THE RECORDS:
________

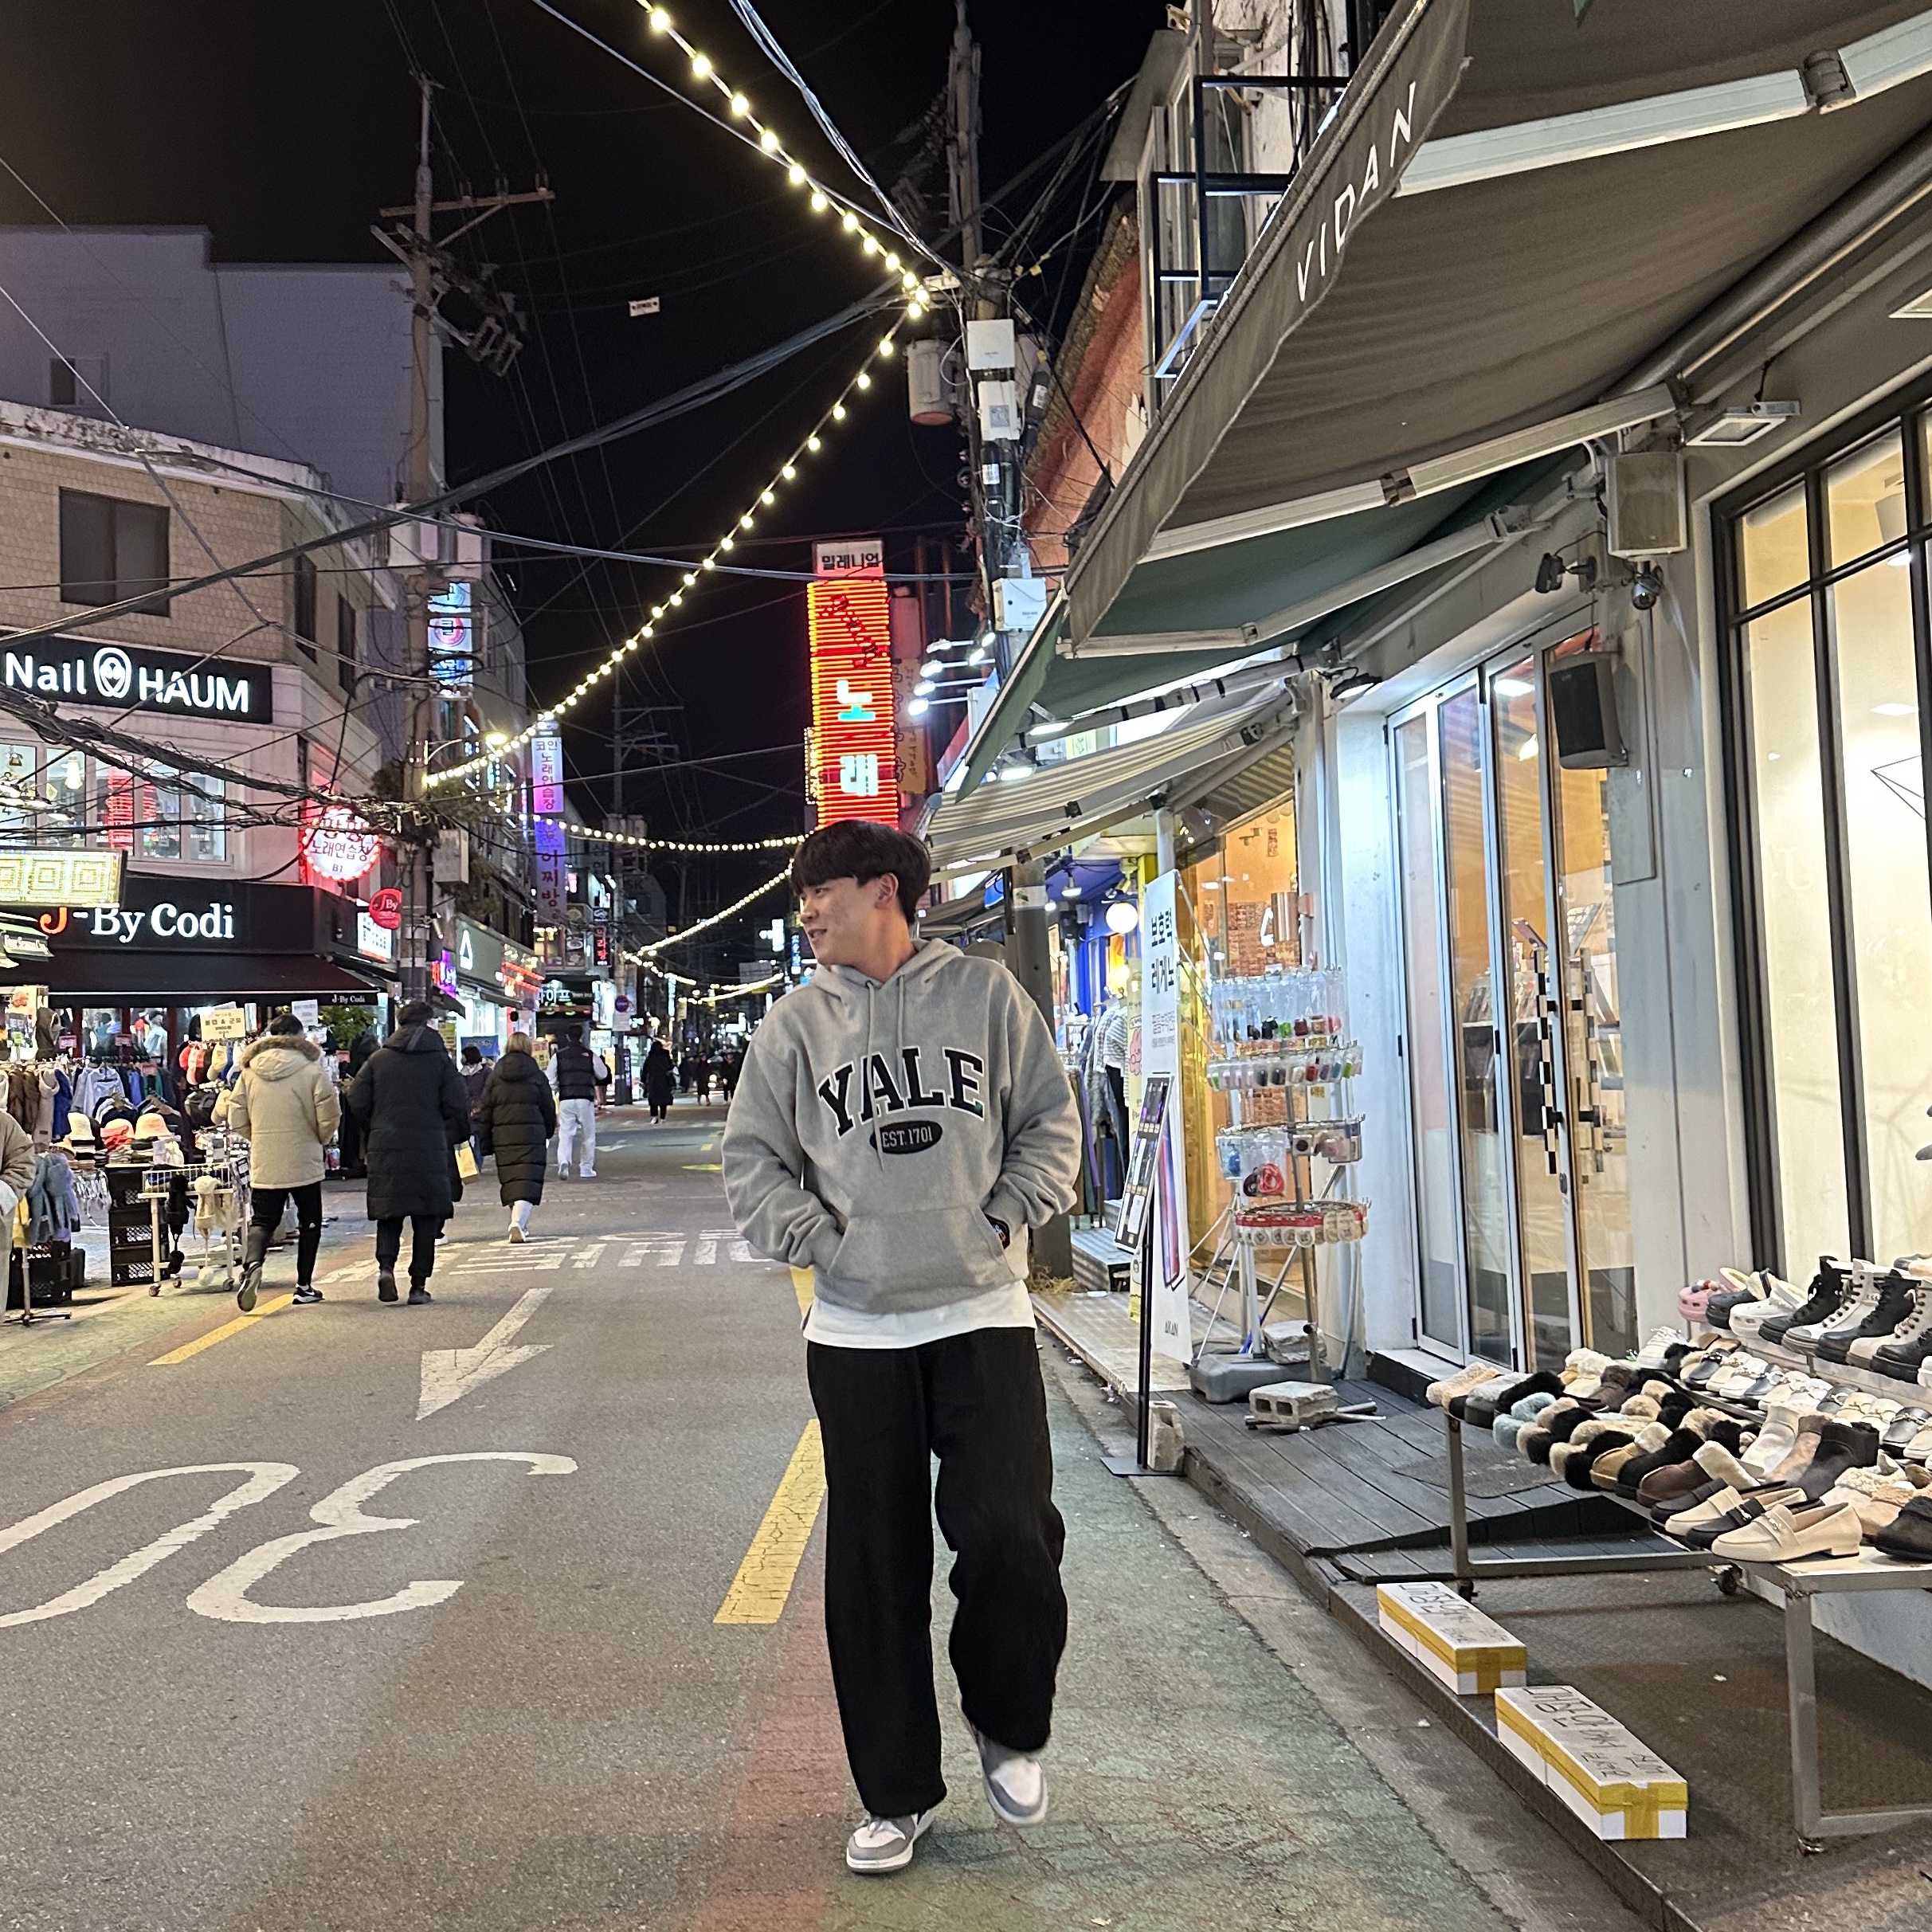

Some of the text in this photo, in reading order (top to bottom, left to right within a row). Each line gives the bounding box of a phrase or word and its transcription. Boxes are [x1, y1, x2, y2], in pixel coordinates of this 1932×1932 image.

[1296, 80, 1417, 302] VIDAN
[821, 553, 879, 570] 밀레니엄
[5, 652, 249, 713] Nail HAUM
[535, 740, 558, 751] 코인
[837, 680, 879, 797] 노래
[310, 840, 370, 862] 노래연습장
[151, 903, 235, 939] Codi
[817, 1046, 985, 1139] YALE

________

WORK REQUIRED: Every line of the data above should be returned exactly, with the pictures removed.

RESPONSE TO THE TASK:
Some of the text in this photo, in reading order (top to bottom, left to right within a row). Each line gives the bounding box of a phrase or word and its transcription. Boxes are [x1, y1, x2, y2], in pixel coordinates of this 1932×1932 image.

[1296, 80, 1417, 302] VIDAN
[821, 553, 879, 570] 밀레니엄
[5, 652, 249, 713] Nail HAUM
[535, 740, 558, 751] 코인
[837, 680, 879, 797] 노래
[310, 840, 370, 862] 노래연습장
[151, 903, 235, 939] Codi
[817, 1046, 985, 1139] YALE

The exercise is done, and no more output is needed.